> Your objective
Output each record in full, exactly as it stands.

> Extracted entries
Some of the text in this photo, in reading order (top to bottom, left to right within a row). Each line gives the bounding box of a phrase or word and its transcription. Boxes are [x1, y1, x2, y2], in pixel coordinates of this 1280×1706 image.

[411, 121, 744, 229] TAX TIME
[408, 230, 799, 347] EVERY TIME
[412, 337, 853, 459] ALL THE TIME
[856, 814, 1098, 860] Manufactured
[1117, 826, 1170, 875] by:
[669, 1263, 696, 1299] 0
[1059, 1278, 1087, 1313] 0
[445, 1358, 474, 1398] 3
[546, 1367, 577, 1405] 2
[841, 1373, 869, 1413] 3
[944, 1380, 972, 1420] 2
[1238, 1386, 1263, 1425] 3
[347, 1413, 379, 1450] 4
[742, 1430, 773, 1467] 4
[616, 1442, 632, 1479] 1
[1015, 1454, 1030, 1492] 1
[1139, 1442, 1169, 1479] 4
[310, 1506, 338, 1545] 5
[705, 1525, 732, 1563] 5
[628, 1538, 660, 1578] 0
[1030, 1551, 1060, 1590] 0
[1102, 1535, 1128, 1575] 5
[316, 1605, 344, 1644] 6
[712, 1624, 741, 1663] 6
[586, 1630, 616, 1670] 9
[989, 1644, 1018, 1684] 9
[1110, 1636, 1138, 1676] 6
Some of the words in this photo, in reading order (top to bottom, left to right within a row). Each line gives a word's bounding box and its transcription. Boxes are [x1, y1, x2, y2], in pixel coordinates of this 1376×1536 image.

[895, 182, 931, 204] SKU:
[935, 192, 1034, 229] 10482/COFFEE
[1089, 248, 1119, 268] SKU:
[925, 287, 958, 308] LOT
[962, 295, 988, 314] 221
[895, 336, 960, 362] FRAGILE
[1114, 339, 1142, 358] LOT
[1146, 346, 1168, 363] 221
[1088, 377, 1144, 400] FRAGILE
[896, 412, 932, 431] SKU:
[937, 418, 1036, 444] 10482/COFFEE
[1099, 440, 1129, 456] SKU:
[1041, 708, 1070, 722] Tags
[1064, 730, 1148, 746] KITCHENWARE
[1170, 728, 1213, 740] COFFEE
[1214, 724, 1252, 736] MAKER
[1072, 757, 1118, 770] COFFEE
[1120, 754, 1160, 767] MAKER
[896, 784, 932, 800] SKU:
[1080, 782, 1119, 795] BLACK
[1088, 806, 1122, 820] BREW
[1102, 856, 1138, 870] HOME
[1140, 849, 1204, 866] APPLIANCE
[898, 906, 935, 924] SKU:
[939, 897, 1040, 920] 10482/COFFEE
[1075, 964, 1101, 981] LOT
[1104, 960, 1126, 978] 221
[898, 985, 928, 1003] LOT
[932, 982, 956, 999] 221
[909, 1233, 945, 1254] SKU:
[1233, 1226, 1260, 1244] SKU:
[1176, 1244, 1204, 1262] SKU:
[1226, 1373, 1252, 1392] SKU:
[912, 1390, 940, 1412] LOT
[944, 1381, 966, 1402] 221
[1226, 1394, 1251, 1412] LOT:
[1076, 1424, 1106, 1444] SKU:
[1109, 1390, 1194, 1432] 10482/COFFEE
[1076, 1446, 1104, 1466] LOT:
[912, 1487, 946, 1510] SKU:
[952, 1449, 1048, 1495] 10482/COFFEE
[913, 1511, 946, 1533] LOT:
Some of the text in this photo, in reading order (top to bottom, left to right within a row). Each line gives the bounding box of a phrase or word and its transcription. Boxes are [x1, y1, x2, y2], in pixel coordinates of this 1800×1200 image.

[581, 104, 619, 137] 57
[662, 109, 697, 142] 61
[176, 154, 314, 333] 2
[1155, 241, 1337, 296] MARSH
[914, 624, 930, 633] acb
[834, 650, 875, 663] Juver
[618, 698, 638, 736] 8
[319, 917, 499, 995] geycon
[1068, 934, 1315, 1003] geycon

> Exercise solution
Some of the text in this photo, in reading order (top to bottom, left to right within a row). Each line gives the bounding box of a phrase or word and its transcription. Boxes are [x1, y1, x2, y2], in pixel coordinates of this 1280×1706 image.

[411, 121, 744, 229] TAX TIME
[408, 230, 799, 347] EVERY TIME
[412, 337, 853, 459] ALL THE TIME
[856, 814, 1098, 860] Manufactured
[1117, 826, 1170, 875] by:
[669, 1263, 696, 1299] 0
[1059, 1278, 1087, 1313] 0
[445, 1358, 474, 1398] 3
[546, 1367, 577, 1405] 2
[841, 1373, 869, 1413] 3
[944, 1380, 972, 1420] 2
[1238, 1386, 1263, 1425] 3
[347, 1413, 379, 1450] 4
[742, 1430, 773, 1467] 4
[616, 1442, 632, 1479] 1
[1015, 1454, 1030, 1492] 1
[1139, 1442, 1169, 1479] 4
[310, 1506, 338, 1545] 5
[705, 1525, 732, 1563] 5
[628, 1538, 660, 1578] 0
[1030, 1551, 1060, 1590] 0
[1102, 1535, 1128, 1575] 5
[316, 1605, 344, 1644] 6
[712, 1624, 741, 1663] 6
[586, 1630, 616, 1670] 9
[989, 1644, 1018, 1684] 9
[1110, 1636, 1138, 1676] 6
Some of the words in this photo, in reading order (top to bottom, left to right within a row). Each line gives a word's bounding box and its transcription. Boxes are [x1, y1, x2, y2], in pixel coordinates of this 1376×1536 image.

[895, 182, 931, 204] SKU:
[935, 192, 1034, 229] 10482/COFFEE
[1089, 248, 1119, 268] SKU:
[925, 287, 958, 308] LOT
[962, 295, 988, 314] 221
[895, 336, 960, 362] FRAGILE
[1114, 339, 1142, 358] LOT
[1146, 346, 1168, 363] 221
[1088, 377, 1144, 400] FRAGILE
[896, 412, 932, 431] SKU:
[937, 418, 1036, 444] 10482/COFFEE
[1099, 440, 1129, 456] SKU:
[1041, 708, 1070, 722] Tags
[1064, 730, 1148, 746] KITCHENWARE
[1170, 728, 1213, 740] COFFEE
[1214, 724, 1252, 736] MAKER
[1072, 757, 1118, 770] COFFEE
[1120, 754, 1160, 767] MAKER
[896, 784, 932, 800] SKU:
[1080, 782, 1119, 795] BLACK
[1088, 806, 1122, 820] BREW
[1102, 856, 1138, 870] HOME
[1140, 849, 1204, 866] APPLIANCE
[898, 906, 935, 924] SKU:
[939, 897, 1040, 920] 10482/COFFEE
[1075, 964, 1101, 981] LOT
[1104, 960, 1126, 978] 221
[898, 985, 928, 1003] LOT
[932, 982, 956, 999] 221
[909, 1233, 945, 1254] SKU:
[1233, 1226, 1260, 1244] SKU:
[1176, 1244, 1204, 1262] SKU:
[1226, 1373, 1252, 1392] SKU:
[912, 1390, 940, 1412] LOT
[944, 1381, 966, 1402] 221
[1226, 1394, 1251, 1412] LOT:
[1076, 1424, 1106, 1444] SKU:
[1109, 1390, 1194, 1432] 10482/COFFEE
[1076, 1446, 1104, 1466] LOT:
[912, 1487, 946, 1510] SKU:
[952, 1449, 1048, 1495] 10482/COFFEE
[913, 1511, 946, 1533] LOT:
Some of the text in this photo, in reading order (top to bottom, left to right within a row). Each line gives the bounding box of a phrase or word and its transcription. Boxes are [x1, y1, x2, y2], in pixel coordinates of this 1800×1200 image.

[581, 104, 619, 137] 57
[662, 109, 697, 142] 61
[176, 154, 314, 333] 2
[1155, 241, 1337, 296] MARSH
[914, 624, 930, 633] acb
[834, 650, 875, 663] Juver
[618, 698, 638, 736] 8
[319, 917, 499, 995] geycon
[1068, 934, 1315, 1003] geycon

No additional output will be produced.